- #MAC SHUTDOWN STALL BUT DID NOT TRY TO SHUT DOWN MAC OS#
- #MAC SHUTDOWN STALL BUT DID NOT TRY TO SHUT DOWN SOFTWARE#
- #MAC SHUTDOWN STALL BUT DID NOT TRY TO SHUT DOWN CODE#
- #MAC SHUTDOWN STALL BUT DID NOT TRY TO SHUT DOWN MAC#
Interpreting panic files or logs isn’t easy, although sometimes they give a good clue as to what went wrong. If you can’t find one, it might still be held in NVRAM, in which case you can view it using the Terminal command

Panic files should be named something like Kernel_.panic. This might have changed, though, in Catalina: Console there no longer lists log folders as such, but lists them by type. These are normally written to /Library/Logs/DiagnosticReports, from where you can browse them using the Console app in /Applications/Utilities. Initially, because of the nature of the panic, this is saved to the NVRAM, but one of the jobs carried out during the restart should be to write that out to a.
#MAC SHUTDOWN STALL BUT DID NOT TRY TO SHUT DOWN MAC#
When your Mac has restarted after a kernel panic, it normally saves a ‘backtrace’ of the event.
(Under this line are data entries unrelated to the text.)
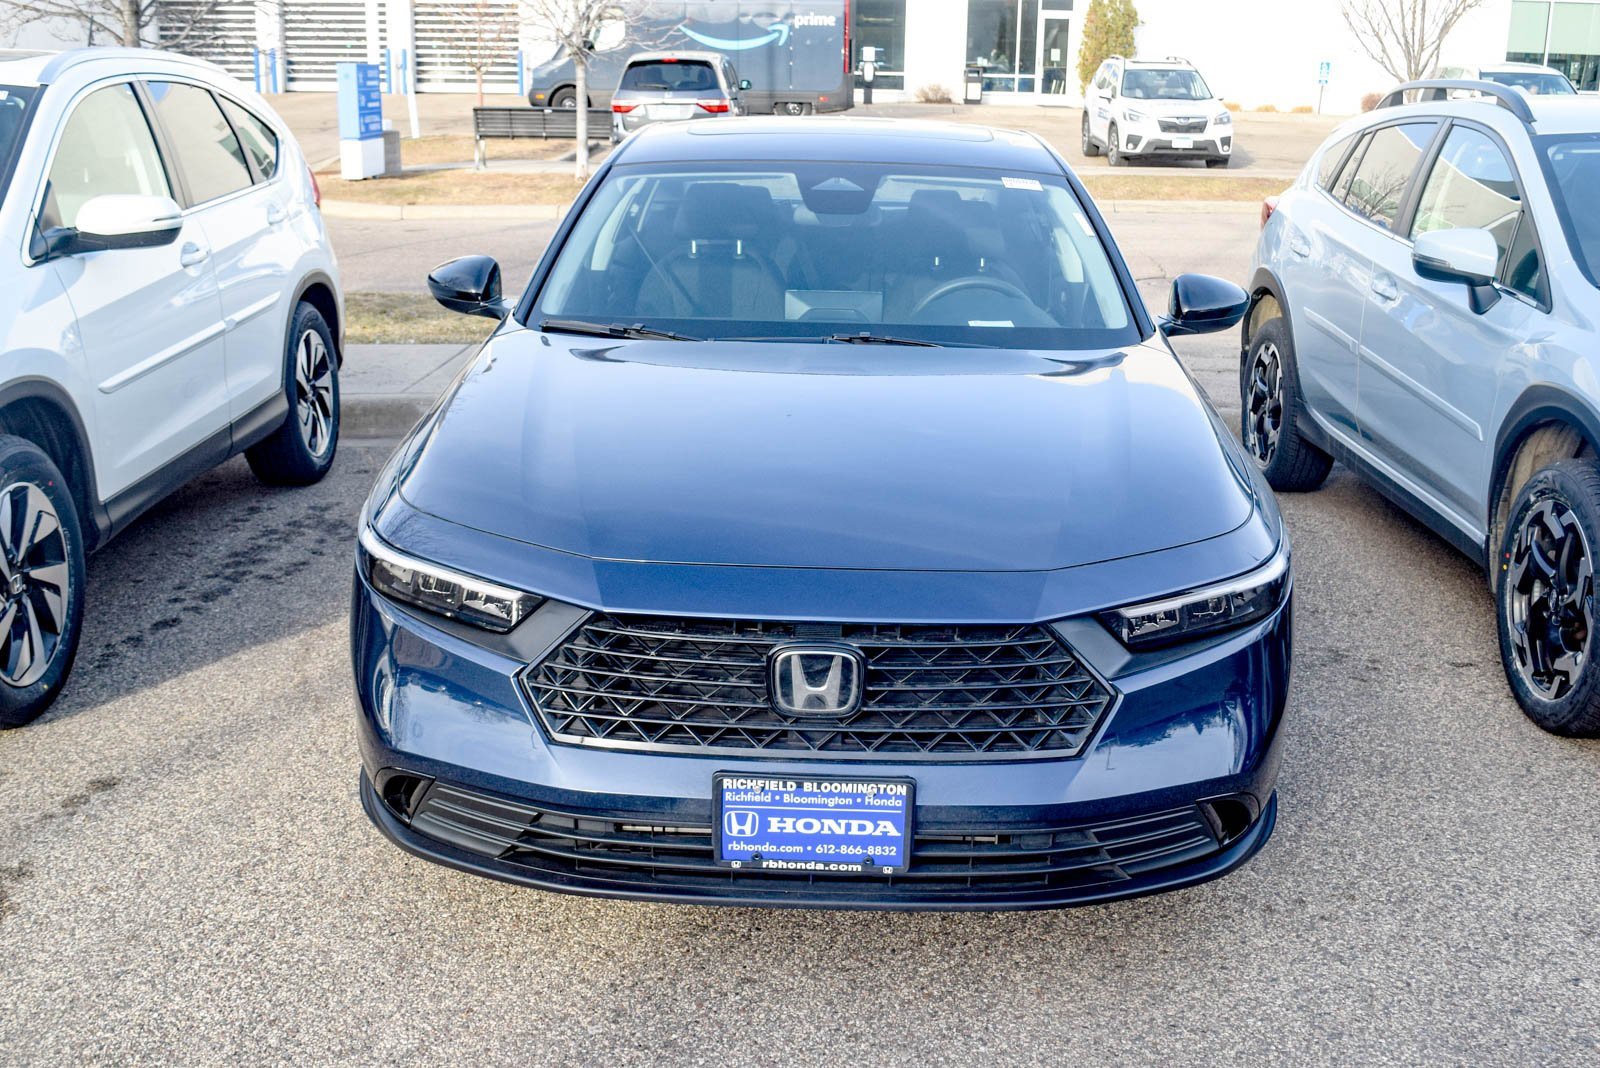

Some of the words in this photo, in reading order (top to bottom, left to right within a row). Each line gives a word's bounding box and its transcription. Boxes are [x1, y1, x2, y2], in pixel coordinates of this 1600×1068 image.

[794, 12, 836, 29] prime
[723, 779, 797, 792] RICHFIELD
[803, 782, 907, 796] BLOOMINGTON
[725, 792, 771, 803] Richfield
[783, 794, 853, 807] Bloomington
[865, 797, 902, 807] Honda
[767, 817, 901, 836] HONDA
[728, 841, 803, 853] rbhonda.com
[815, 844, 897, 856] 612-866-8832
[762, 860, 862, 872] rbhonda.com
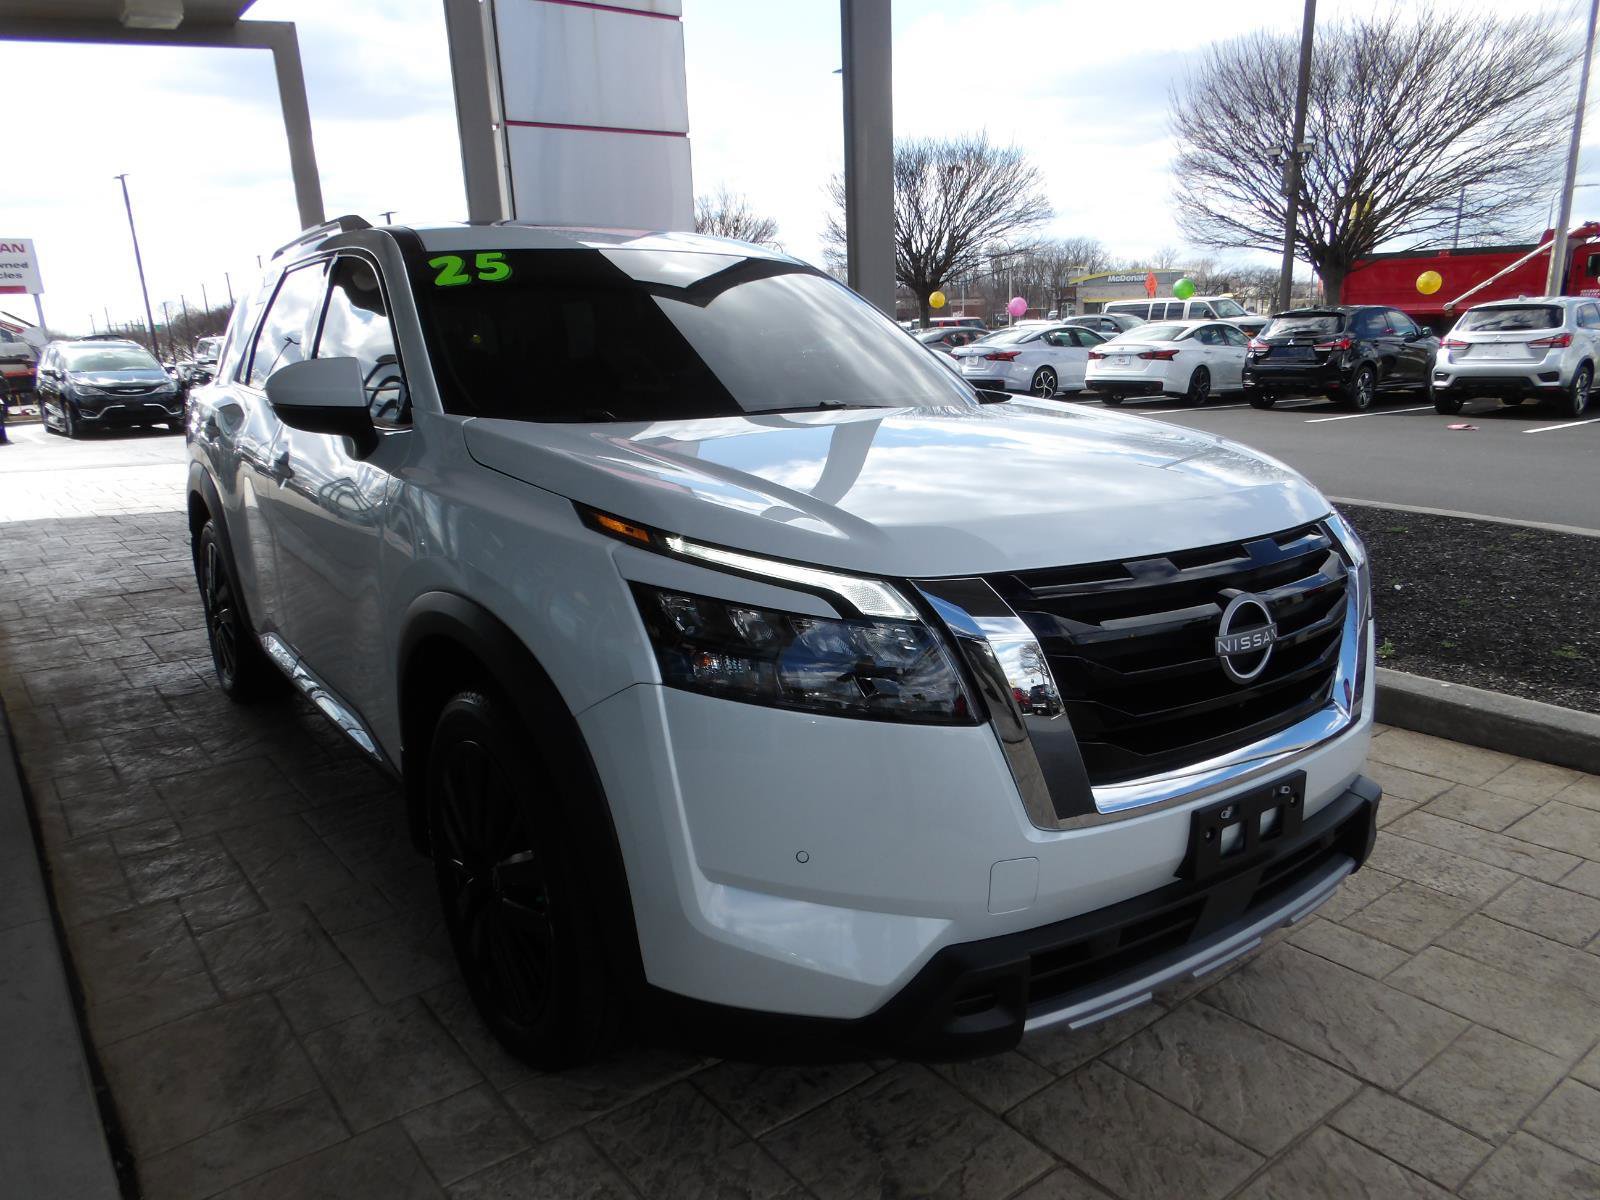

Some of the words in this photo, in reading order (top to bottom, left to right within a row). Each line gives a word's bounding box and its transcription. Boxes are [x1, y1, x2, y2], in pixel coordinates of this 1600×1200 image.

Instead of forcing a restart, some older models may simply shut down, leaving you to start them up again in the usual way.
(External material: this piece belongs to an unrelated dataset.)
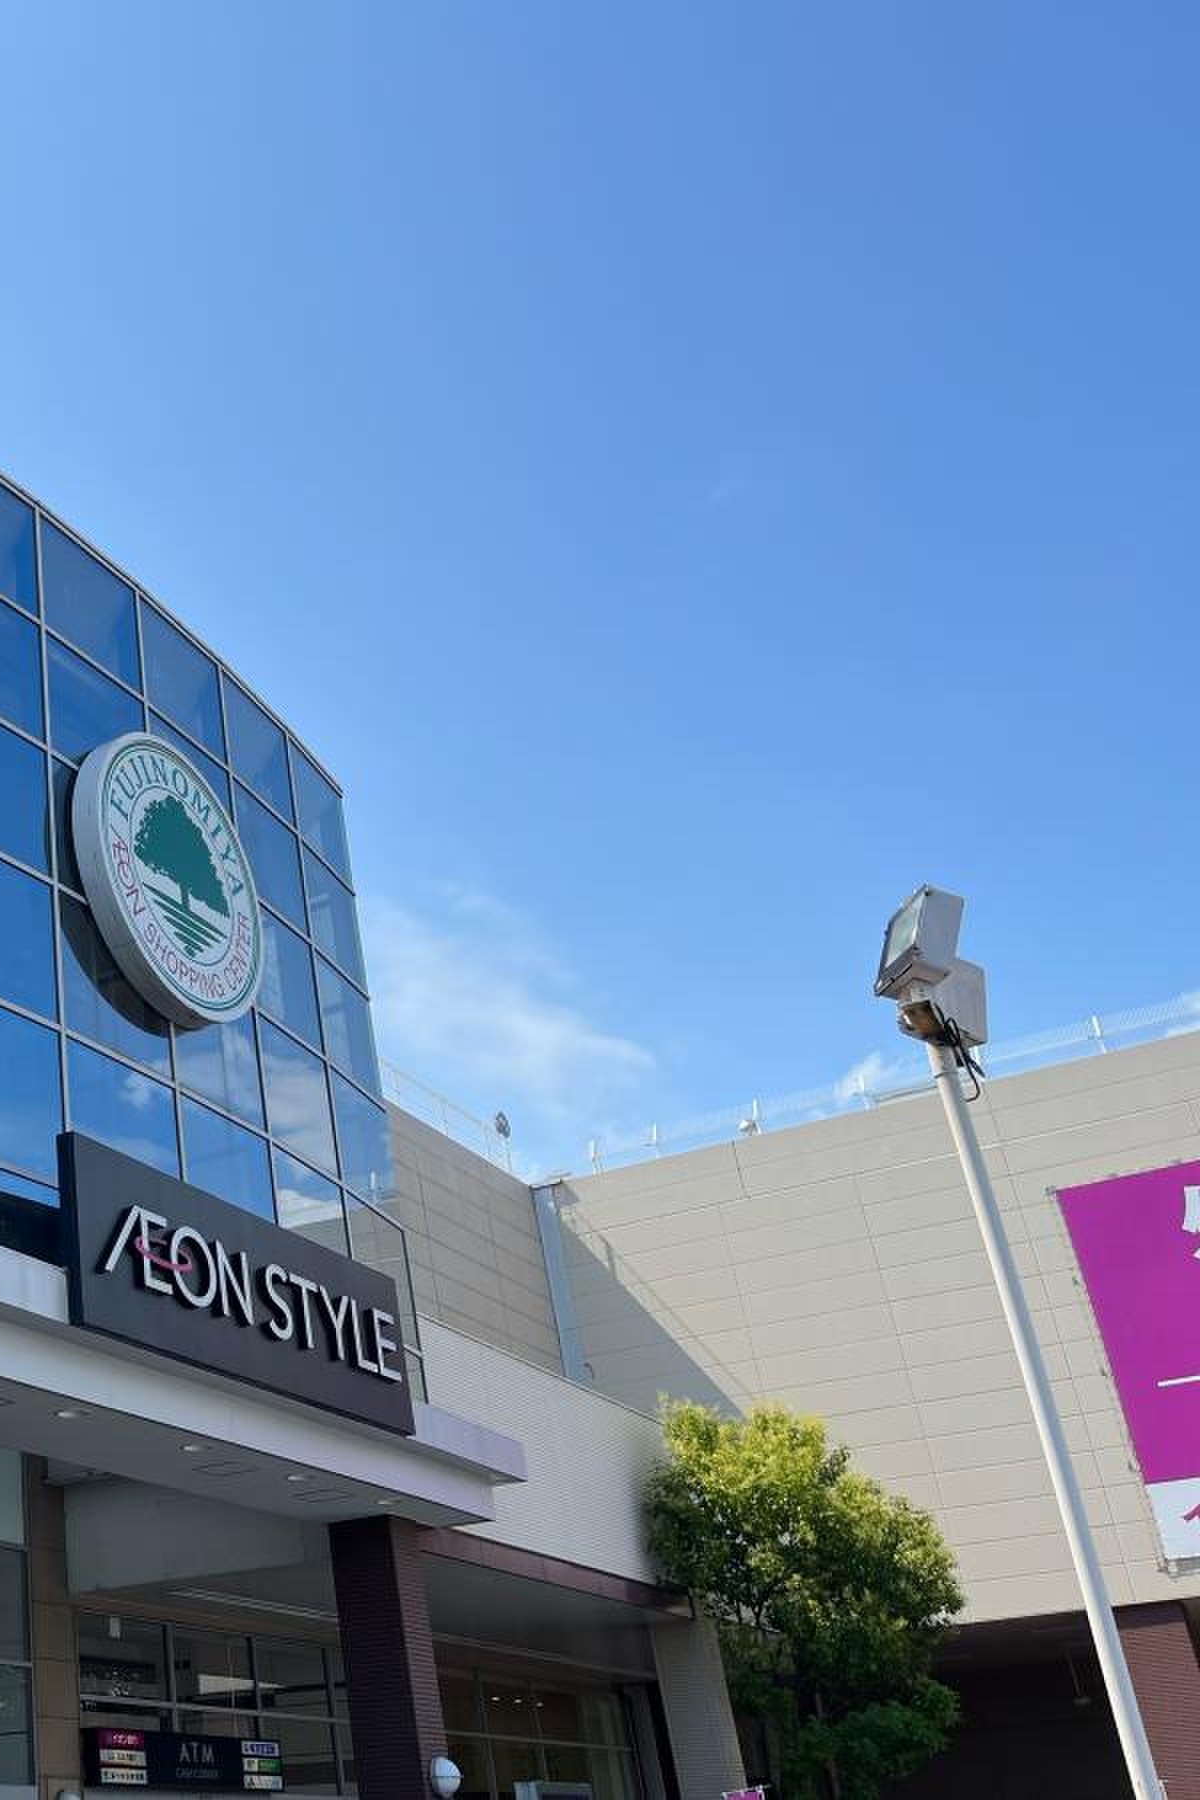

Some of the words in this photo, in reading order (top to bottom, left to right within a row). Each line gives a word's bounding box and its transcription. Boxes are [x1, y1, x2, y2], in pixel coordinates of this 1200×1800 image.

[111, 754, 244, 896] FUJINOMIYA
[142, 923, 226, 999] SHOPPING
[264, 1263, 402, 1382] STYLE
[179, 1742, 215, 1764] ATM
Chances are that your Mac will freeze for a while, restart, then hopefully re-open all the apps and windows just as they were when the panic occurred, and you might be none the wiser of the event. They’re not kernel panics any more, but unexpected restarts, which makes them seem as innocuous as unexpected quits, perhaps they’re not – no Mac should ever experience a single panic.įrom El Capitan to Catalina, you’re unlikely to see any of the informative dialogs which Apple shows in that article. If your luck has really run out and there are five more kernel panics within three minutes of the first, a prohibitory sign should be shown on the display for thirty seconds, and the Mac shuts down and doesn’t attempt to restart again: that’s a ‘recurring kernel panic’, or more like a whole monthful of Friday 13ths.Īpple’s account of these issues is now quite different. Since 10.8, as documented in Wikipedia’s excellent potted history of kernel panics in OS X, Macs have behaved differently: they automagically restart themselves, sometimes displaying a kernel panic dialog when next starting up, for “a few seconds”. After a few seconds, you can press that button more briefly to start it up again. If you ever see this, the only way ahead is to press and hold the power button of your Mac, which will force it to shut down. A traditional kernel panic prior to OS X 10.8. Prior to OS X 10.8, they were usually marked by the display of a special panic screen, shown below. Over various releases of OS X and macOS, Apple has also changed the way in which kernel panics are handled.
#MAC SHUTDOWN STALL BUT DID NOT TRY TO SHUT DOWN SOFTWARE#
When a regular user app crashes or ‘unexpectedly quits’, this should never result in a kernel panic, although if the cause is low-enough down in the software it can on occasion.
#MAC SHUTDOWN STALL BUT DID NOT TRY TO SHUT DOWN CODE#
#MAC SHUTDOWN STALL BUT DID NOT TRY TO SHUT DOWN MAC OS#
Panics used to be quite common in early versions of Mac OS X, and had become very infrequent by Yosemite (10.10), unless your Mac had a hardware problem. In a kernel panic, something happens in your Mac which is so injurious to the kernel code running at its heart, that the kernel has to be halted: it then issues a panic.